Putusan ini tercantum dalam Amar Putusan Nomor 114/PUU-XXIII/2025 yang dibacakan langsung oleh Ketua MK Suhartoyo dalam sidang pleno di Gedung Mahkamah Konstitusi, Jakarta, Kamis (13/11/2025).

MK menyatakan frasa “atau tidak berdasarkan penugasan dari Kapolri” dalam Penjelasan Pasal 28 ayat (3) Undang-Undang Nomor 2 Tahun 2002 tentang Kepolisian Negara Republik Indonesia bertentangan dengan UUD 1945 dan tidak lagi memiliki kekuatan hukum mengikat.

Hakim Konstitusi Ridwan Mansyur menjelaskan, frasa tersebut dianggap menimbulkan kerancuan dan ketidakjelasan aturan mengenai posisi anggota Polri yang bisa menduduki jabatan di luar institusi kepolisian.

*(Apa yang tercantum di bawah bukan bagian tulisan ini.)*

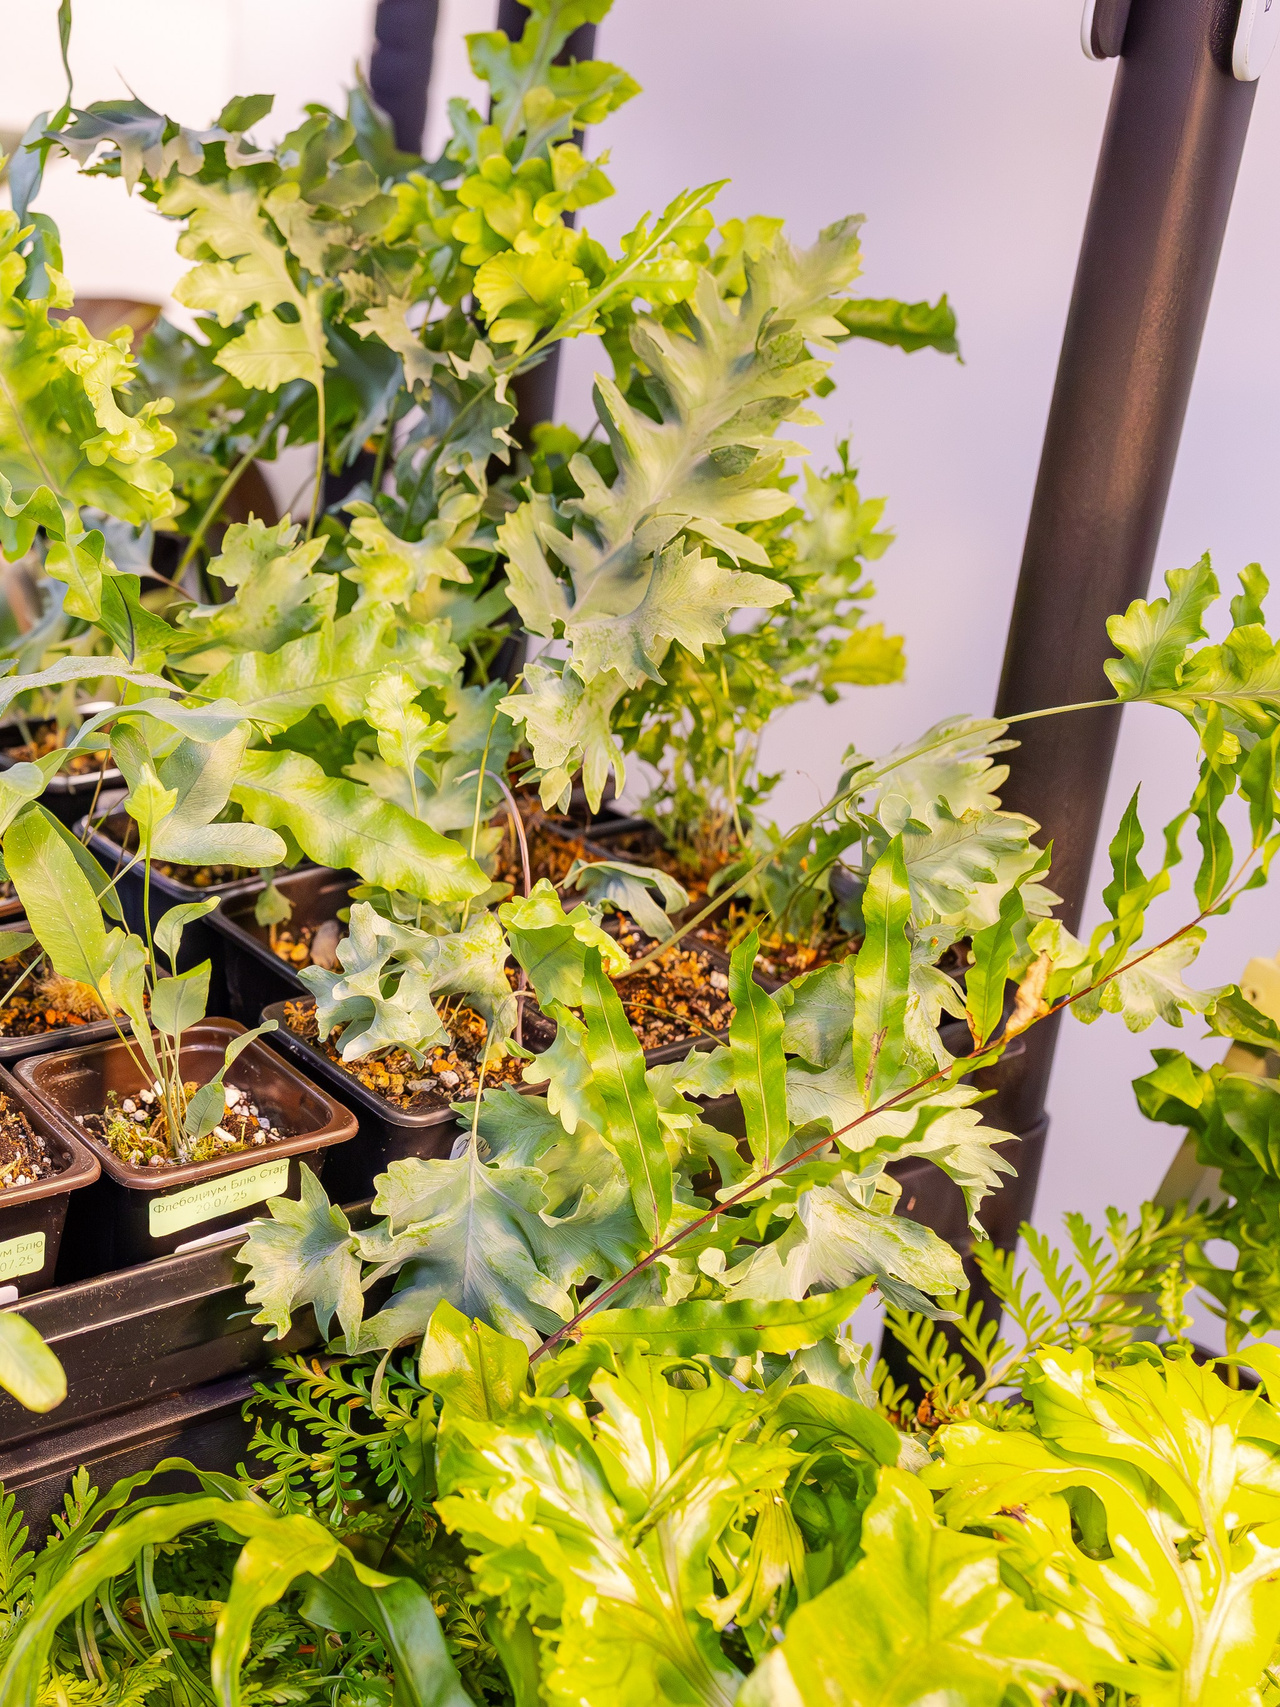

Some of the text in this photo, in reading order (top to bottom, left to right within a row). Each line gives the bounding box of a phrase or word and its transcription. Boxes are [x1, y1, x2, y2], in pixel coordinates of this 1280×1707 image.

[153, 1163, 288, 1214] Флебодиум Блю Стар
[16, 1239, 43, 1254] Блю
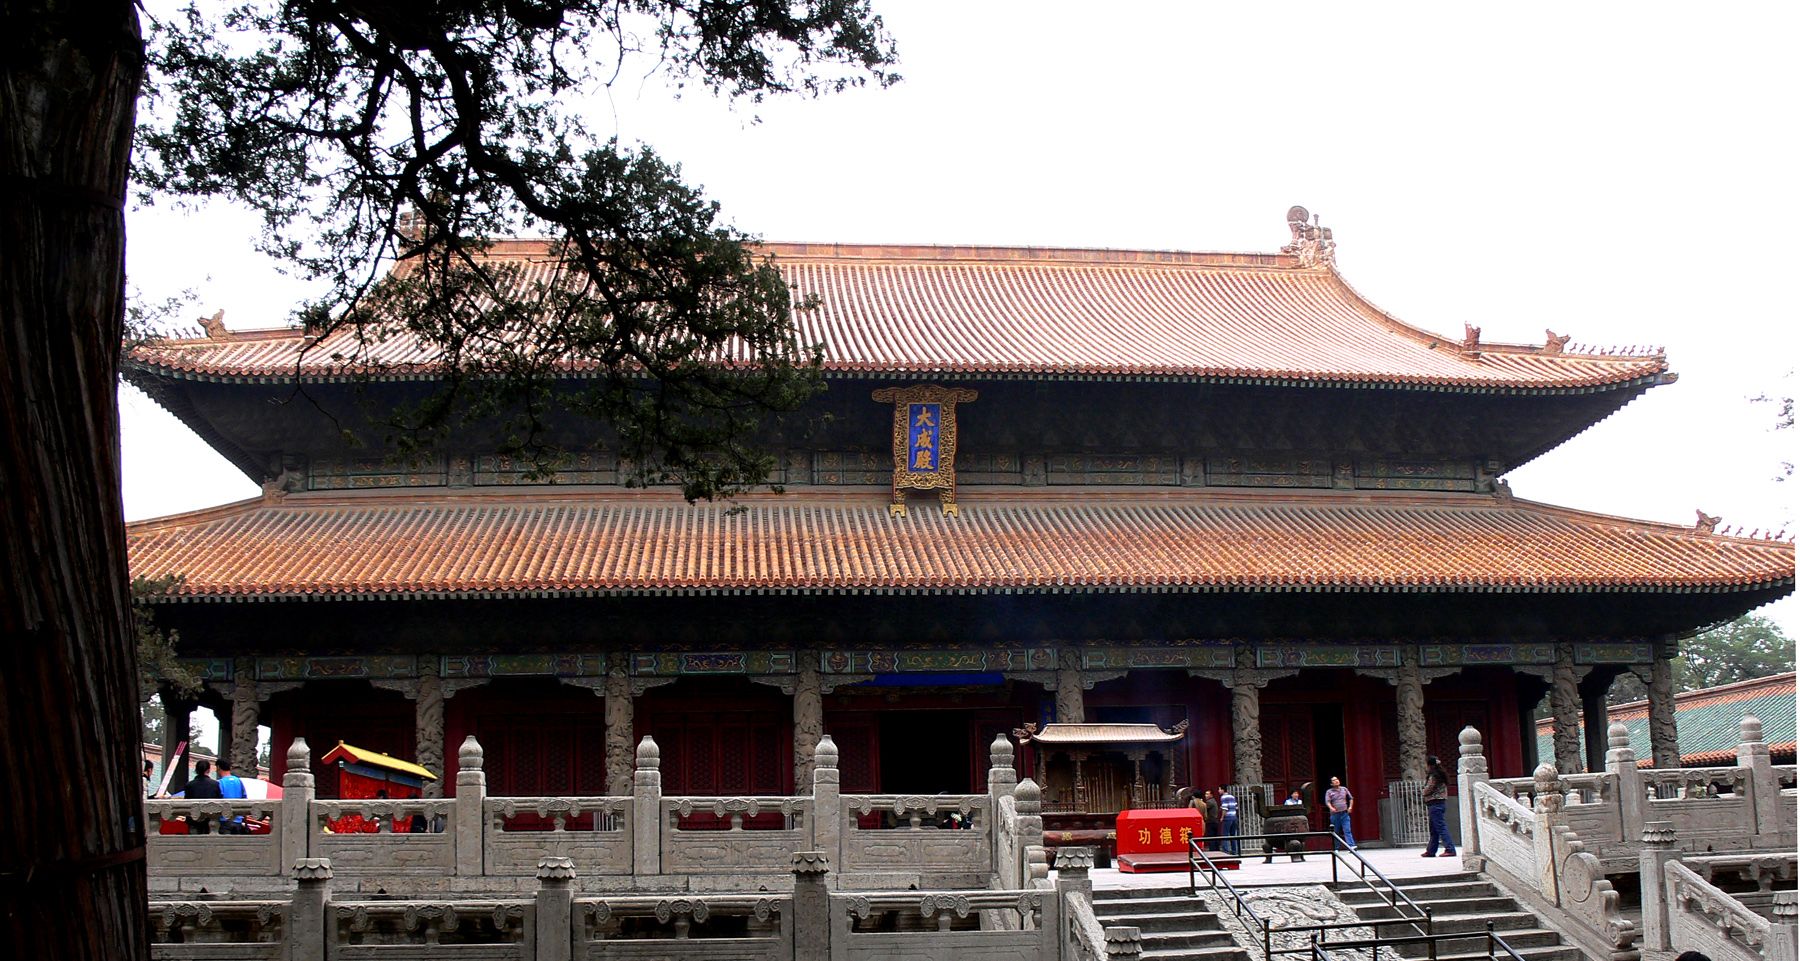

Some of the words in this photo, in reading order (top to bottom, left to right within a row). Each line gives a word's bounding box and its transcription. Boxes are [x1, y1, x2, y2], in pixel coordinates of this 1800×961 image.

[913, 406, 935, 470] 大成殿
[1138, 827, 1191, 845] 功德箱

Menurut MK, penjelasan pasal itu seharusnya memperjelas makna dari Pasal 28 ayat (3) UU Polri, bukan malah menimbulkan tafsir baru. Dengan adanya tambahan “atau tidak berdasarkan penugasan dari Kapolri”, seolah-olah anggota Polri yang masih aktif tetap bisa menjabat di luar kepolisian, padahal hal itu bertentangan dengan semangat pasal utama yang mewajibkan mereka mundur atau pensiun terlebih dahulu.

“Frasa ini justru mengaburkan makna pasal dan berpotensi menimbulkan ketidakpastian hukum, baik bagi anggota Polri maupun bagi aparatur sipil negara di luar kepolisian,” ujar Hakim Ridwan saat membacakan pertimbangan hukum.

Karena itu, MK menyimpulkan bahwa frasa tersebut bertentangan dengan Pasal 28D ayat (1) UUD 1945, yang menjamin perlindungan dan kepastian hukum yang adil bagi setiap warga negara.

Meski putusan ini disetujui secara mayoritas, terdapat beberapa catatan dari para hakim konstitusi. Hakim Arsul Sani menyampaikan concurring opinion (pendapat berbeda yang memperkuat alasan putusan), sementara Daniel Yusmic P. Foekh dan M. Guntur Hamzah menyampaikan dissenting opinion (pendapat yang tidak sejalan dengan putusan mayoritas).

Namun secara keseluruhan, MK menegaskan bahwa aturan yang memberi peluang bagi anggota Polri aktif untuk menjabat di luar institusi tanpa mundur atau pensiun sudah tidak berlaku lagi.

Dengan putusan ini, penempatan anggota Polri di luar institusi kepolisian — misalnya di kementerian, BUMN, atau jabatan publik lainnya — harus dilakukan setelah yang bersangkutan resmi mengundurkan diri atau pensiun dari kepolisian.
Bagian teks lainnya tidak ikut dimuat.